即生成器应产生这样的示例:其提供给判别器 $\mathcal{D}$ 的中间表示与真实样本高度相似。生成器 $\mathcal{G}$ 的损失还包含被 $\mathcal{D}$ 正确识别的伪造样本所导致的误差,也就是说,
$$
L_{{\mathcal{G}}_ {u n s u p.}}{=}{-}\mathbb{E}_ {x\sim{\mathcal{G}}}\log[1-p_{m}({\hat{y}}=y|x,y=k+1)]
$$
$$
L_{{\mathcal{G}}_ {u n s u p.}}{=}{-}\mathbb{E}_ {x\sim{\mathcal{G}}}\log[1-p_{m}({\hat{y}}=y|x,y=k+1)]
$$
The G loss is LG = LGfeature matching $L_{\mathcal{G}}=L_{\mathcal{G}_ {\mathrm{featurematching}}}+L_{\mathcal{G}_{u n s u p.}}$ .
G损失为LG = LG特征匹配 $L_{\mathcal{G}}=L_{\mathcal{G}_ {\mathrm{featurematching}}}+L_{\mathcal{G}_{u n s u p.}}$ 。
While SS-GANs are usually used with image inputs, we will show that they can be adopted in combination with BERT (Devlin et al., 2019) over inputs encoding linguistic information.
虽然SS-GAN通常用于图像输入,但我们将展示它们可以与BERT (Devlin et al., 2019)结合使用,处理编码语言信息的输入。
3 GAN-BERT: Semi-supervised BERT with Adversarial Learning
3 GAN-BERT: 基于对抗学习的半监督BERT
Bidirectional Encoder Representations from Transformers (BERT) (Devlin et al., 2019) belongs to the family of the so-called transfer learning methods, where a model is first pre-trained on general tasks and then fine-tuned on the final target tasks.
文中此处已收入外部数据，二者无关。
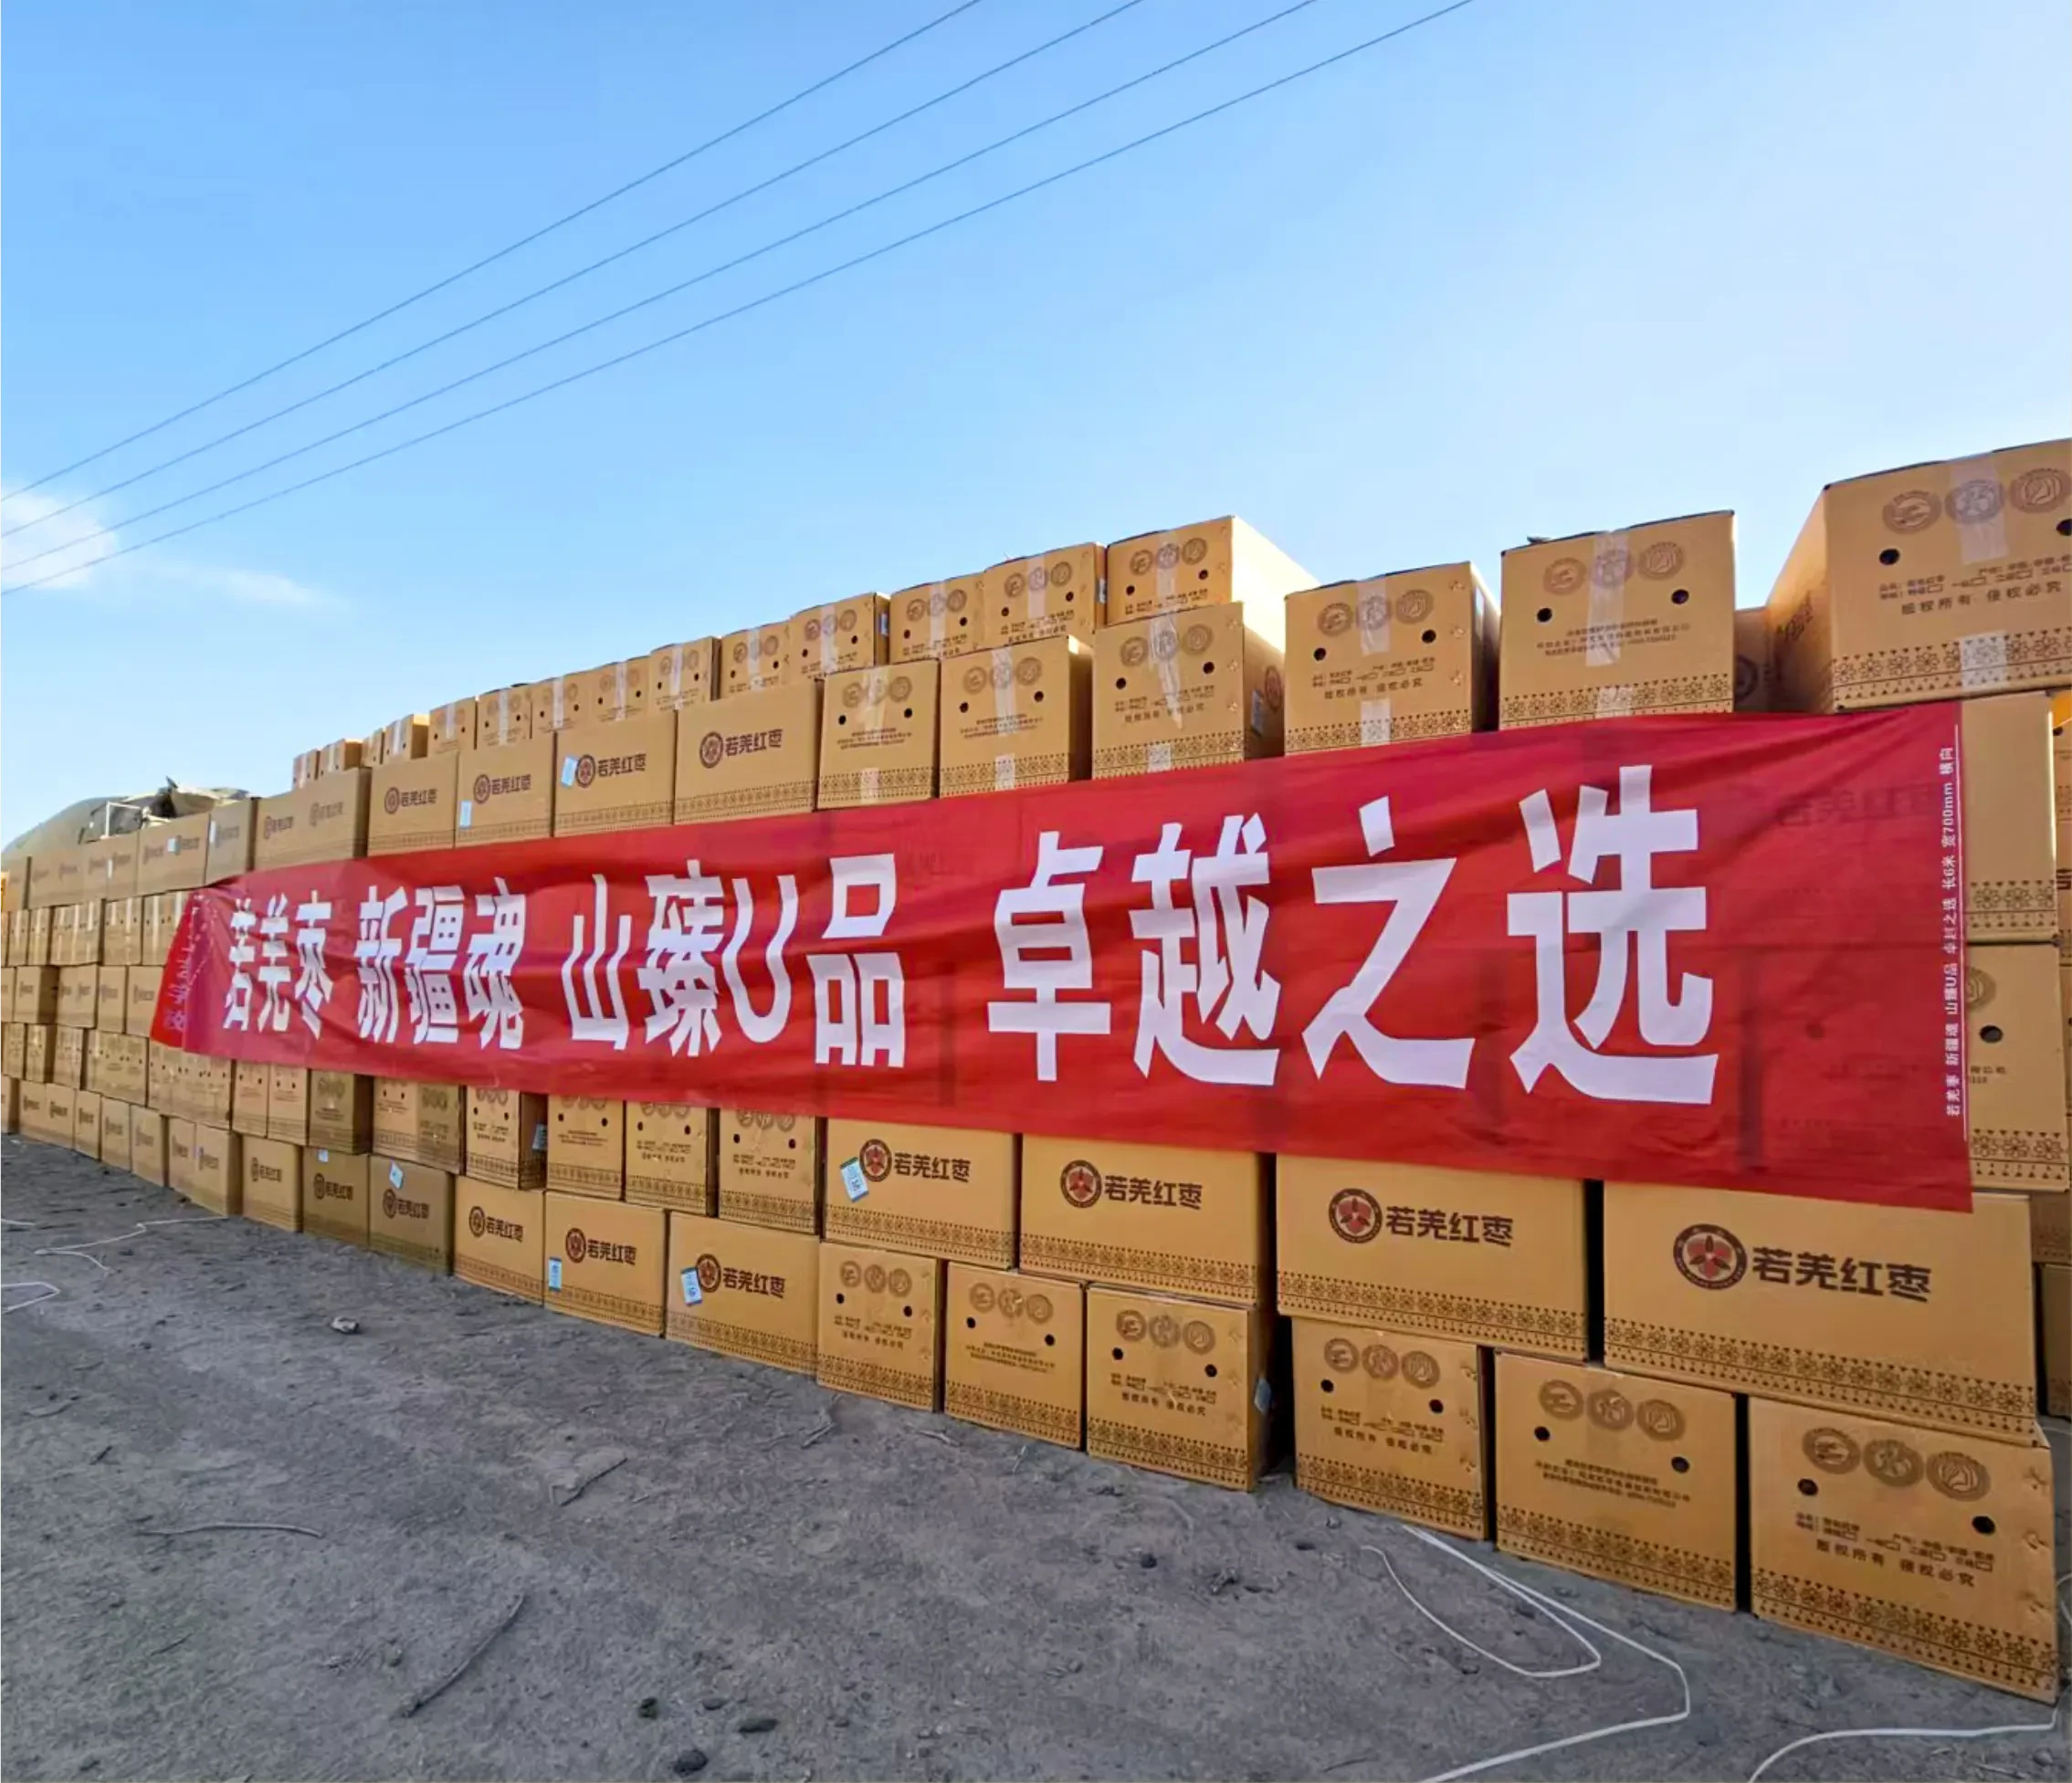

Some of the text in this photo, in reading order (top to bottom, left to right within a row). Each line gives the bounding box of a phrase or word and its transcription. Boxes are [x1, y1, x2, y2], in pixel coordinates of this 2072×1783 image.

[725, 729, 783, 760] 若羌红枣
[596, 752, 647, 779] 若羌红枣
[353, 877, 526, 1050] 新疆魂
[561, 854, 905, 1067] 山臻U品
[988, 764, 1719, 1105] 卓越之选
[894, 1152, 971, 1184] 若羌红枣
[1104, 1174, 1204, 1211] 若羌红枣
[1385, 1205, 1514, 1249] 若羌红枣
[586, 1238, 636, 1266] 若羌红枣
[722, 1267, 785, 1299] 若羌红枣
[1751, 1246, 1933, 1304] 若羌红枣
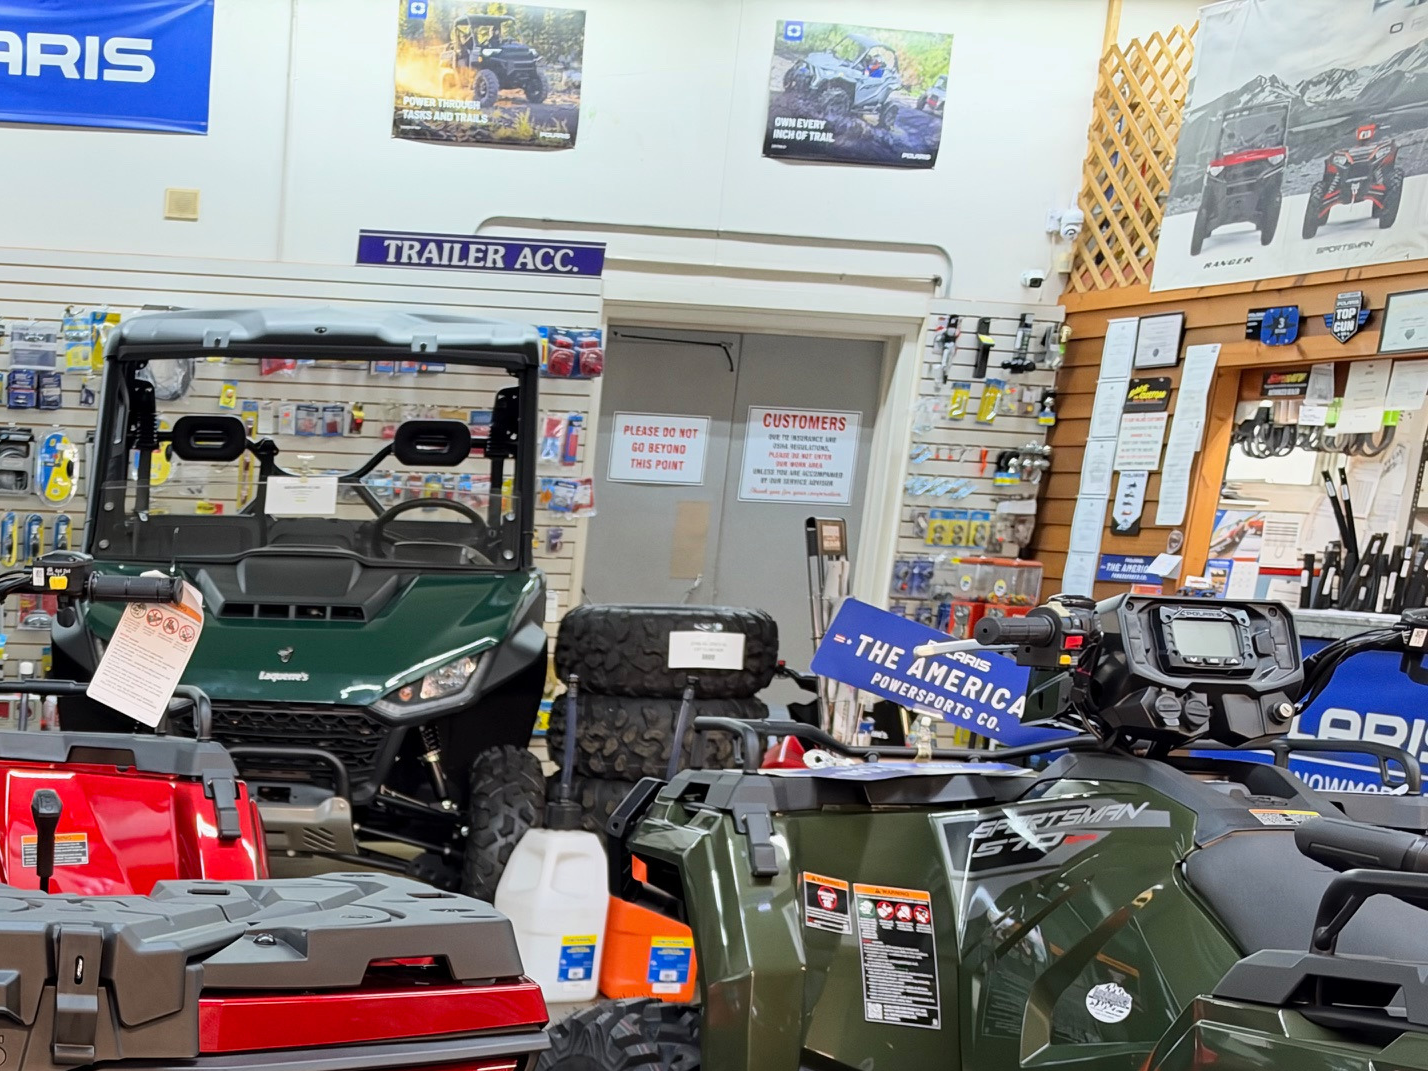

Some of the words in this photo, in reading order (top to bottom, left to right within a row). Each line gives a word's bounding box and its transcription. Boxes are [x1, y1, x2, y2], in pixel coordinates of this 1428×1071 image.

[403, 96, 436, 109] POWER
[438, 98, 480, 111] THROUGH
[402, 110, 432, 121] TASKS
[434, 111, 454, 122] AND
[454, 112, 488, 124] TRAILS
[774, 117, 796, 128] OWN
[796, 118, 826, 130] EVERY
[773, 128, 795, 140] INCH
[796, 130, 808, 140] OF
[809, 131, 836, 143] TRAIL
[1316, 240, 1374, 254] SPORTSMAN
[384, 239, 506, 268] TRAILER
[514, 246, 579, 273] ACC.
[1203, 256, 1254, 269] RANGER
[1336, 308, 1356, 320] TOP
[1278, 318, 1286, 328] 3
[1334, 320, 1355, 332] GUN
[763, 413, 846, 431] CUSTOMERS
[624, 425, 660, 437] PLEASE
[662, 427, 676, 438] DO
[679, 428, 698, 438] NOT
[632, 442, 645, 452] GO
[648, 443, 686, 454] BEYOND
[631, 458, 652, 470] THIS
[655, 460, 684, 470] POINT
[1106, 563, 1121, 572] THE
[1122, 564, 1149, 574] AMERIC
[855, 634, 905, 670] THE
[258, 670, 310, 682] Laquerre's
[870, 672, 974, 720] POWERSPORTS
[976, 712, 1000, 732] CO.
[972, 832, 1066, 858] 570
[882, 888, 910, 897] WARNING
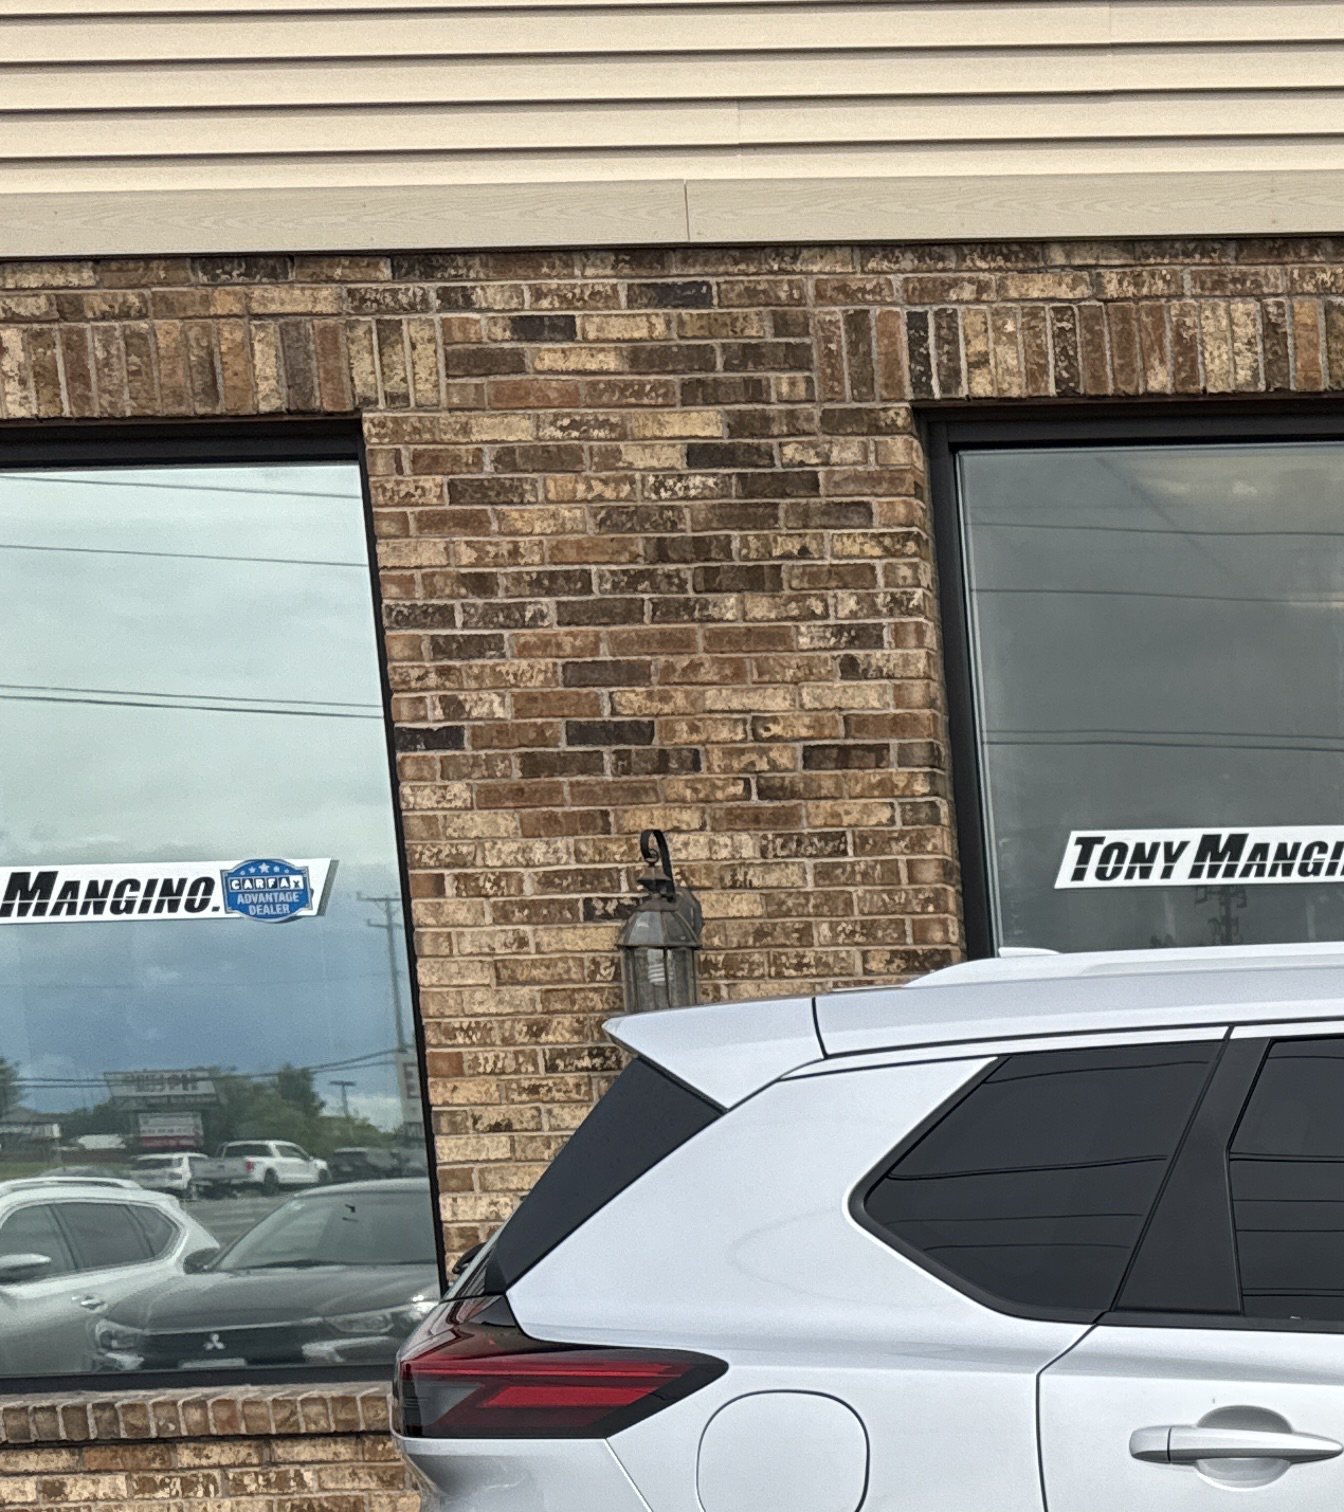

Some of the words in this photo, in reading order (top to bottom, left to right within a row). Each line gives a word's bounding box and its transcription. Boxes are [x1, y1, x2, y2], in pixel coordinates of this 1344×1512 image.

[1070, 835, 1191, 882] TONY
[230, 876, 305, 891] CARFAX
[236, 891, 301, 905] ADVANTAGE
[248, 903, 291, 916] DEALER
In Computer Vision, transfer learning has been shown beneficial in many different tasks, i.e., pre-training a neural network model on a known task, followed by a fine-tuning stage on a (different) target task (see, for example, (Girshick et al., 2013)). BERT is a very deep model that is pre-trained over large corpora of raw texts and then is fine-tuned on target annotated data. The building block of BERT is the Transformer (Vaswani et al., 2017), an attentionbased mechanism that learns contextual relations between words (or sub-words, i.e., word pieces, (Schuster and Nakajima, 2012)) in a text.
基于Transformer的双向编码器表征 (BERT) (Devlin et al., 2019) 属于迁移学习方法家族,这类方法首先在通用任务上对模型进行预训练,然后在最终目标任务上进行微调。在计算机视觉领域,迁移学习已被证明对许多不同任务有益,即在已知任务上预训练神经网络模型,然后在(不同的)目标任务上进行微调阶段 (例如参见 (Girshick et al., 2013))。BERT是一个非常深的模型,它在大型原始文本语料库上进行预训练,然后在目标标注数据上进行微调。BERT的基本构建模块是Transformer (Vaswani et al., 2017),这是一种基于注意力的机制,用于学习文本中单词(或子词,即word pieces, (Schuster and Nakajima, 2012))之间的上下文关系。
BERT provides contextual i zed embeddings of the words composing a sentence as well as a sentence embedding capturing sentence-level semantics: the pre-training of BERT is designed to capture such information by relying on very large corpora. After the pre-training, BERT allows encoding (i) the words of a sentence, (ii) the entire sentence, and (iii) sentence pairs in dedicated embeddings. These can be used in input to further layers to solve sentence classification, sequence labeling or relational learning tasks: this is achieved by adding task-specific layers and by fine-tuning the entire architecture on annotated data.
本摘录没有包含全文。